The project is intended for the Clean Development Mechanism (CDM) of the Kyoto Protocol, the 1997 international agreement to limit climate altering greenhouse gases. The CDM will allow industrialized countries and companies with greenhouse gas reduction commitments, to purchase some of their required reductions, in developing countries. The Indocement Sustainable Cement Project opens all kinds of possibilities for Indonesia and other countries, in which reductions in greenhouse gases are exchanged for development dollars. The project demonstrates the potential and value of the Clean Development Mechanism as a powerful development tool for these countries. The Indocement project will produce greenhouse gas emission reductions of three million tons.
"We are very happy to cooperate with the PCF for this project, says Mr. Oivind Hoidalen, Indocement's Technical Director. "We believe, that the combination of our expertise in cement technology and the PCF's knowledge about the CDM will lead us to success." Regarding the climate impacts and sustainable development aspects, Mr. Hoidalen said that "In addition to reducing greenhouse gas emissions, the use of bio fuels and other waste materials produced in the proximate areas of the sites, our project will contribute to sustainable development in a socially responsible way".
The driving force is the Kyoto Protocol, which commits industrialized countries to reduce their carbon emissions by 5 percent below 1990 levels in the period from 2008 to 2012. Companies can supplement their commitments at home by purchasing lower cost emissions in developing world countries. As a result, projects in developing countries will get a new source of financing for sustainable development in the energy, industrial and waste management sectors, land rehabilitation, and clean technologies. Industrialized countries can meet part of their Kyoto obligation, while the threat of climate change is reduced at lower overall cost.
Indocement is a leading example of the opportunities available through carbon finance. The project is part of the portfolio of the PCF. Six governments and 17 companies teamed up with the World Bank in 2000, and contributed $180 million to create the PCF. The carbon finance business has taken on a new sense of urgency in the face of mounting evidence that the Earth's climate is changing, which could have dire consequences for major parts of humanity. The main culprits are fossil fuels that are pumping heat trapping carbon dioxide into the Earth's atmosphere creating an invisible blanket around the planet.
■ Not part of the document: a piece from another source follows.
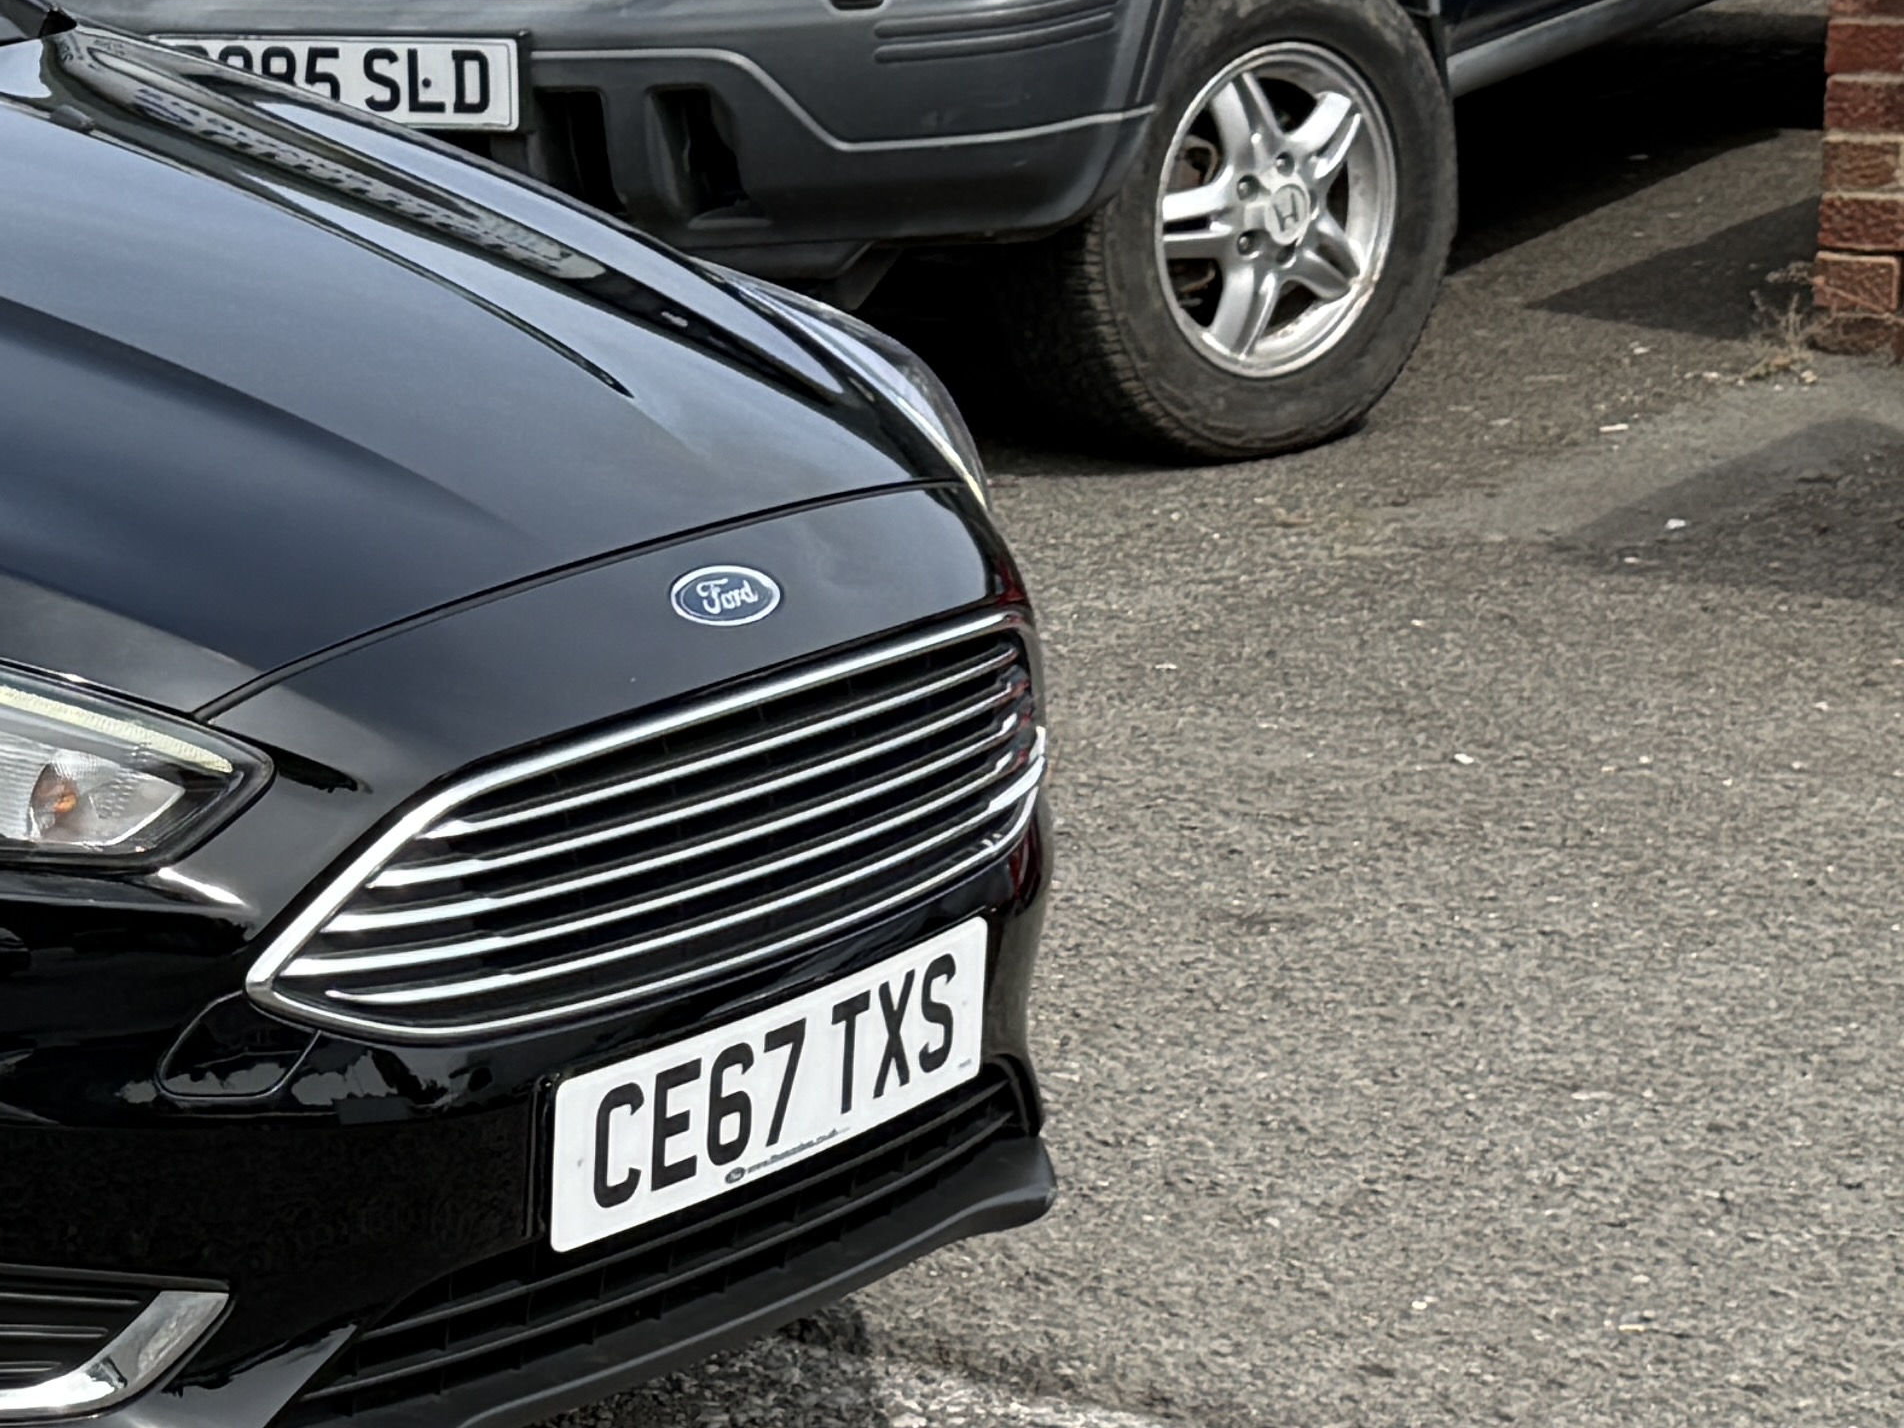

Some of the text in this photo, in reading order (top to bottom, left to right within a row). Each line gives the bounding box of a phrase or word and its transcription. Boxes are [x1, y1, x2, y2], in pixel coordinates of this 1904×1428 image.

[362, 46, 491, 114] SLD
[695, 578, 759, 614] Ford
[590, 952, 957, 1210] CE67 TXS
Climate change, and accompanying disrupted weather patterns could wreak havoc on the planet, particularly parts of the developing world.
The threat climate change poses to long-term development and the ability of the poor to escape from poverty is of particular concern to the World Bank. "The World Bank is catalyzing a market in which private capital can flow from OECD countries to developing countries for clean technologies and for development that is sustainable," said Ken Newcombe, World Bank fund manager for the PCF. "It is critical that projects such as the Sustainable Cement Project show the possibilities that exist under the CDM. There is a limited opportunity to get such projects in under the very real constraint that exists with lead time for the CDM. World Bank experience shows that projects can have a three to seven year project cycle, so the window is rapidly closing for projects to be accepted under the CDM for the 2012 deadline."
Five years after it started, the global carbon finance market providing credits for reductions in greenhouse gas emissionshas the possibility of becoming a US$10 billion a year market according to research by Point Carbon. Yet right now most developing countries are missing out on the benefits of carbon finance dollars. The Bank's responsibility is to make sure that an equitable share of this money, much of it private sector, ends up in the hands of the poorest, in the poorest areas of developing countries.